As eleições no Peru e na Colômbia definirão o rumo político de dois países vizinhos ao Brasil em junho. Segundo analistas, os pleitos podem inclinar o mapa da América Latina para uma direita alinhada ao governo de Donald Trump, gerando impacto direto no cenário brasileiro.
No Peru, a direitista Keiko Fujimori tenta a presidência contra Roberto Sánchez. Na Colômbia, Abelardo de la Espriella lidera a direita radical, desafiando o projeto político de Gustavo Petro.
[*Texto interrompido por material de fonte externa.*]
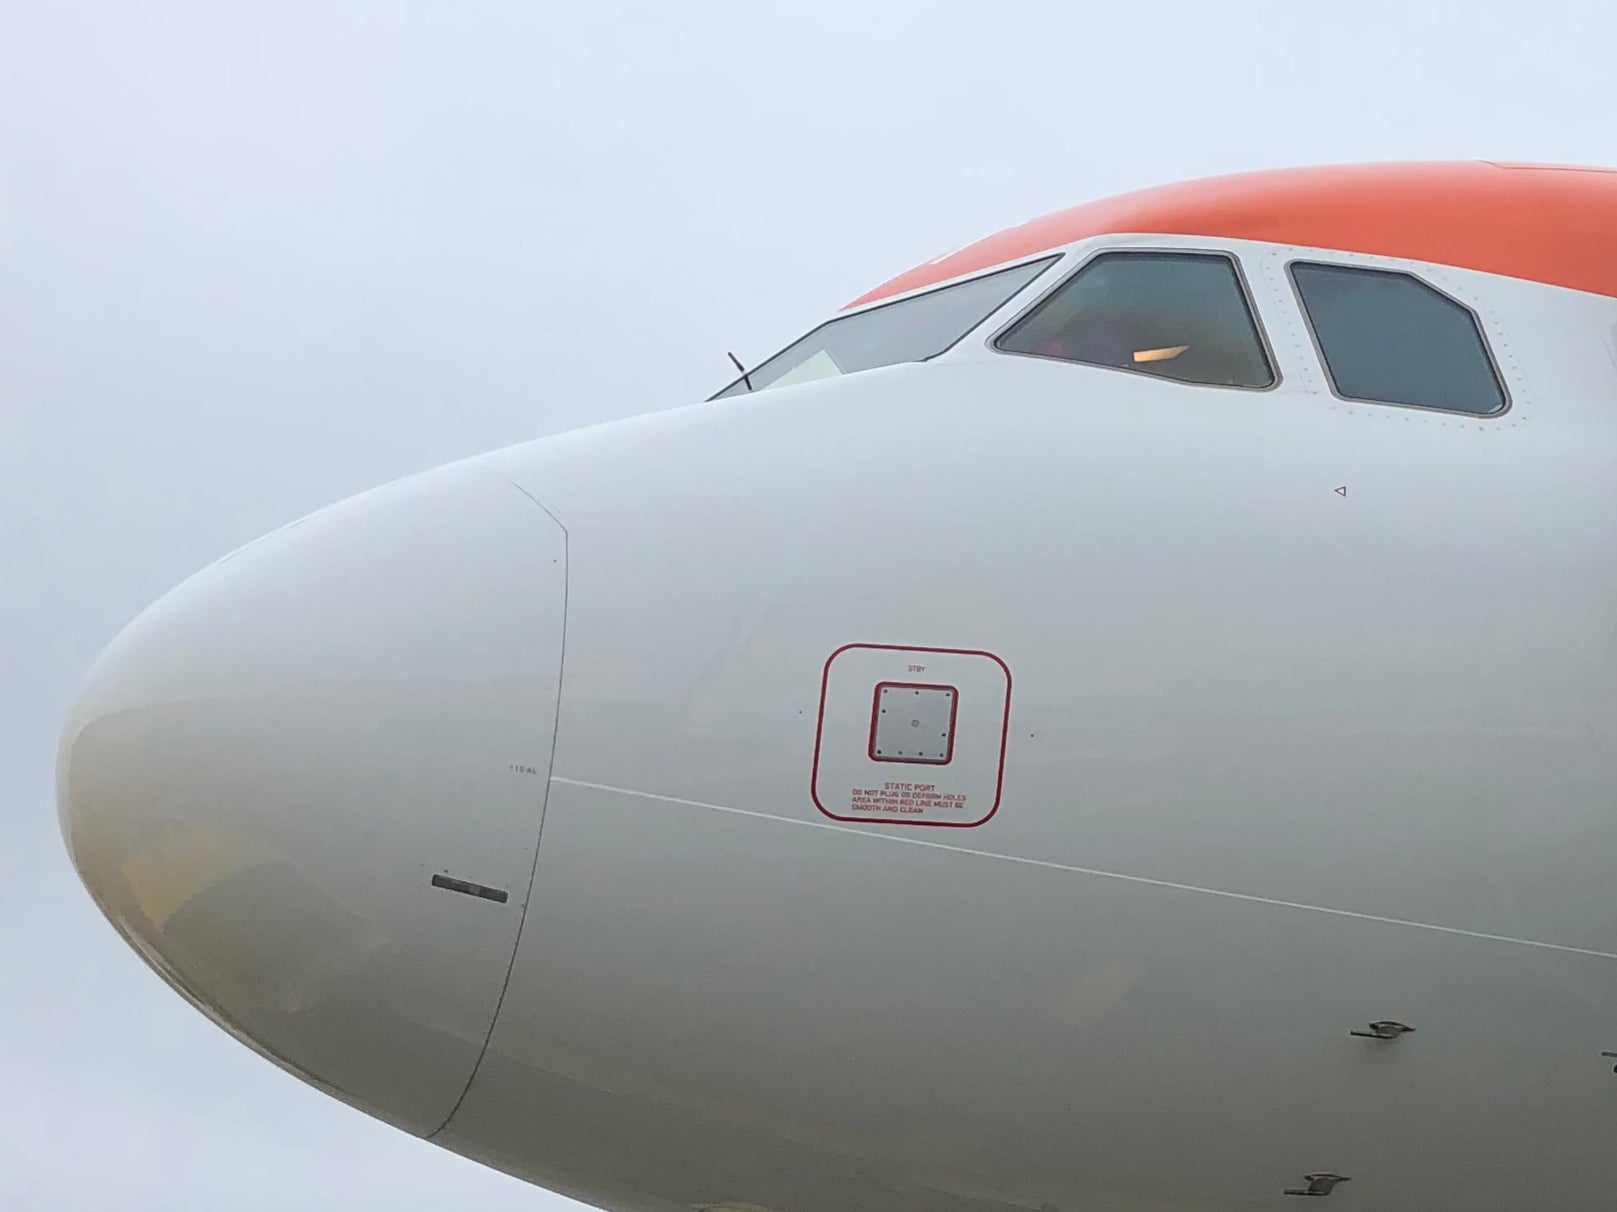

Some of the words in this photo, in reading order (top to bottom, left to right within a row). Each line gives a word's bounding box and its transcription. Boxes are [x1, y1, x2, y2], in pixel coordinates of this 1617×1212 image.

[907, 665, 926, 673] STBY
[884, 782, 912, 791] STATIC
[914, 783, 935, 792] PORT
[880, 790, 899, 798] PLUG
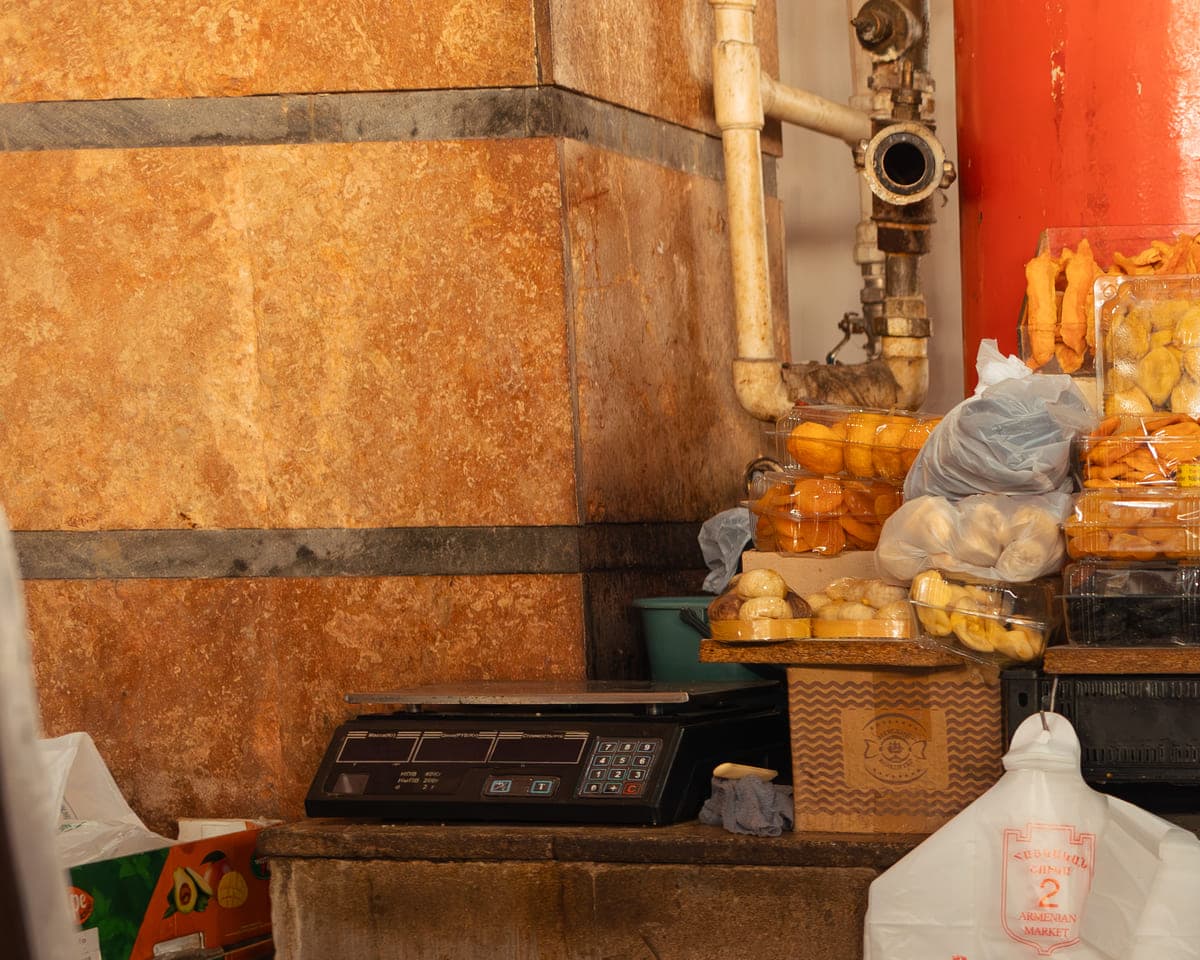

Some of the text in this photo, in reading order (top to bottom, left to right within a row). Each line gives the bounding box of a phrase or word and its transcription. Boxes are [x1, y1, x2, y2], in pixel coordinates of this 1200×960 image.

Ambos os países, que tiveram vitórias de esquerda em pleitos anteriores, apresentam candidatos de direita favoritos no primeiro turno.
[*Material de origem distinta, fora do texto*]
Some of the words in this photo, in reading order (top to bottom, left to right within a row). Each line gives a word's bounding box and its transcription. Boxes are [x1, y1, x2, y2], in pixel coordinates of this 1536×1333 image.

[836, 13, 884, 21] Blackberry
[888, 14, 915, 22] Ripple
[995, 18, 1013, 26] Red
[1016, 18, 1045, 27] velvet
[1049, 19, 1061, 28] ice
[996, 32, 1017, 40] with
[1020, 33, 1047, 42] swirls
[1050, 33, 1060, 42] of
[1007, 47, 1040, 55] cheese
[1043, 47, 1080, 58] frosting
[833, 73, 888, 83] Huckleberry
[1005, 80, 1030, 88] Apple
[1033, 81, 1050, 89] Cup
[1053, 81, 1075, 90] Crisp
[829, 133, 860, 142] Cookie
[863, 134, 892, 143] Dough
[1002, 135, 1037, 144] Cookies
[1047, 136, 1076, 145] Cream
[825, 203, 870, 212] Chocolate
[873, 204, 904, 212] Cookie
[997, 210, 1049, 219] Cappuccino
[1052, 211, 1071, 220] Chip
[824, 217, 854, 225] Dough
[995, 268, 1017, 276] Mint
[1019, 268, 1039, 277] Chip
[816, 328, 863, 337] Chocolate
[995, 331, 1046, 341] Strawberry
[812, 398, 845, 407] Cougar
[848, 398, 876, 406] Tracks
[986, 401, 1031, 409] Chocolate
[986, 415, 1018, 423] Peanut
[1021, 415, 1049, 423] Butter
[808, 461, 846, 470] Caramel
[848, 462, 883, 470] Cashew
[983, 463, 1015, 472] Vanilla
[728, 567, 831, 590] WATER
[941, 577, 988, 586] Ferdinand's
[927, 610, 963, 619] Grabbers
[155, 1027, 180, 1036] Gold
Feliciano de Sá Guimarães, professor do Instituto de Relações Internacionais da USP, disse que o fator Trump é essencial para a consolidação da integração da direita na região. Ele explicou que, historicamente, a esquerda se organiza internacionalmente, mas com a influência americana, uma integração clara entre a direita sul-americana se formou.
Carolina Silva Pedroso, pesquisadora do Instituto de Estudos Econômicos e Internacionais da Unesp, comentou que, mesmo uma vitória da esquerda nesses países seria comemorada pelo Planalto, não significaria que a vida do presidente Luiz Inácio Lula da Silva seria mais fácil. Ela ressaltou que o movimento atual reflete um radicalismo crescente, com a ascensão de figuras não tradicionais na política.